Purpose or Case Report: Trisomy 18 (Edwards Syndrome) and trisomy 13 (Patau Syndrome) are the second and third most common chromosomal trisomy disorders, respectively, and their characteristic syndromic features have been well described; however, to our knowledge, no prenatal studies have reported the fetal MR findings of trisomy 13 and trisomy 18. For this reason, typical fetal MR features of trisomy 13 and 18 remain incompletely characterized and its role and limitations in its prenatal evaluation and diagnosis are not established in the literature.

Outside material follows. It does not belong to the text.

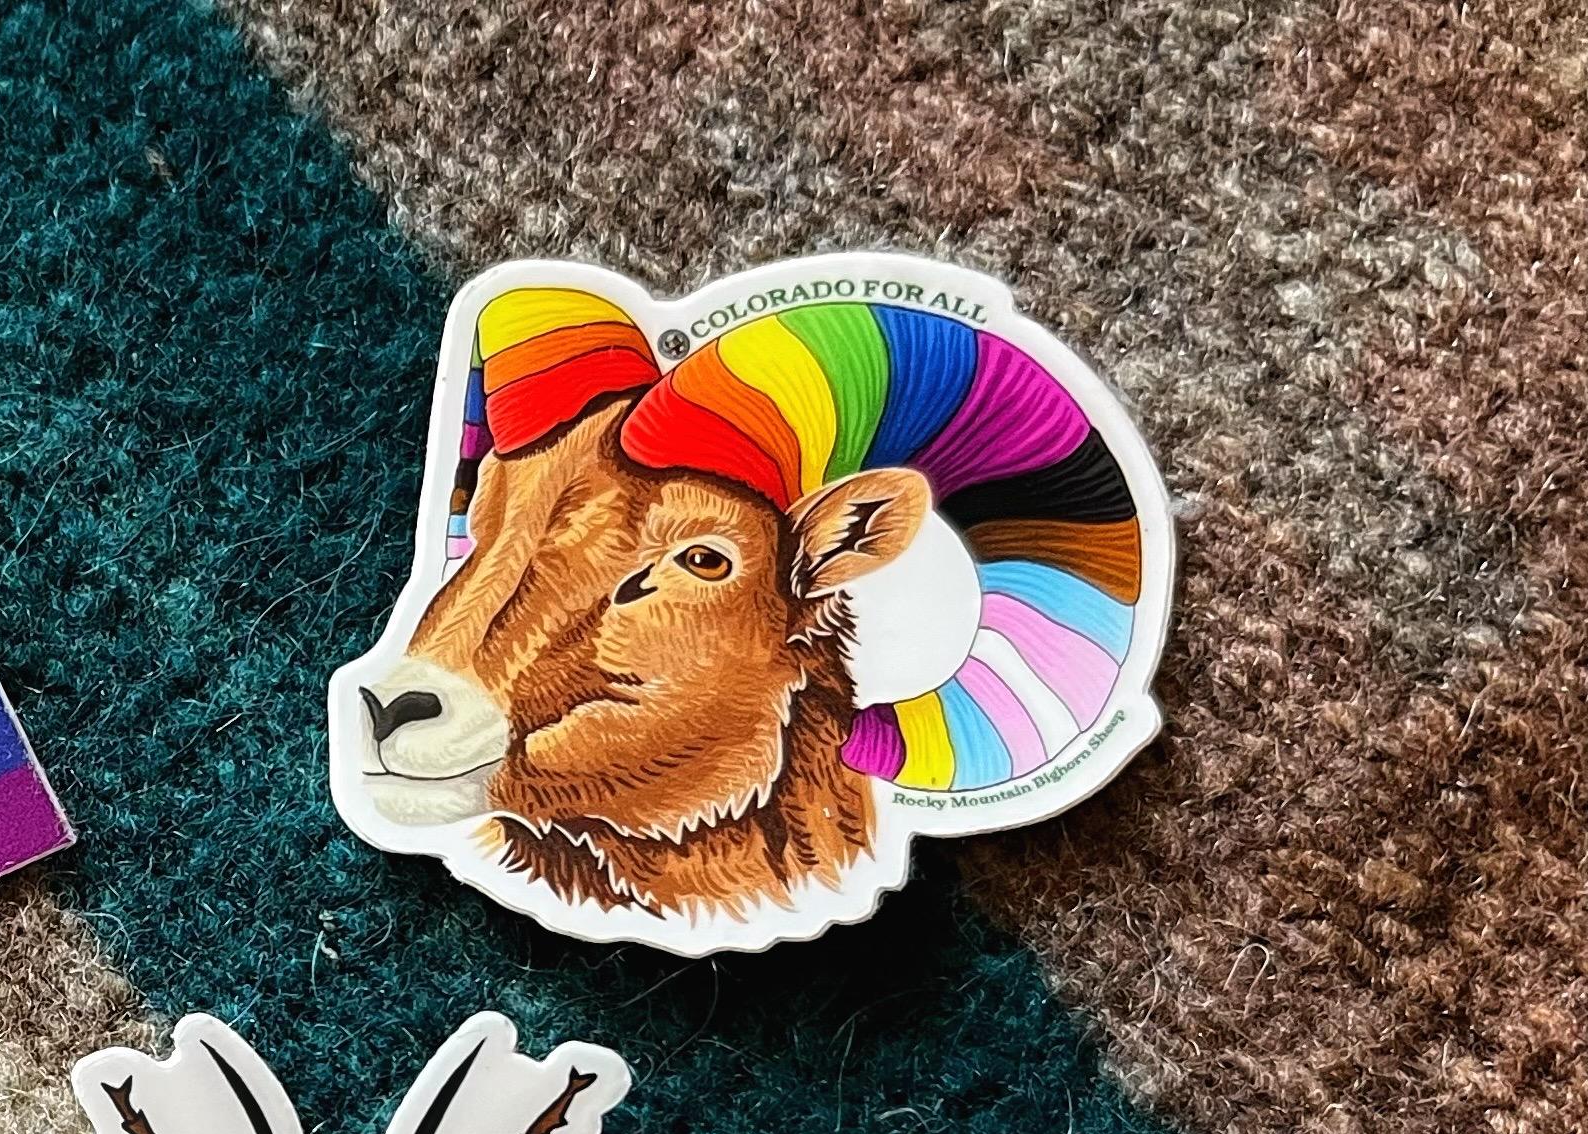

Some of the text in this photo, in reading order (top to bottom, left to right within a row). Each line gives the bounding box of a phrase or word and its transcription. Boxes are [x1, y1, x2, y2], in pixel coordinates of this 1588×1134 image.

In this cased-based, pictorial educational exhibit, we review the syndromic features of trisomy 13 and 18, and present the prenatal MR findings of six cases of trisomy 18 and three cases of trisomy 13, all confirmed by pre and/or postnatal genetic testing. We will discuss the strengths and weaknesses of prenatal MR imaging in the evaluation of trisomy 13 and 18 by comparing to prenatal ultrasound and utilizing postnatal imaging as a reference standard.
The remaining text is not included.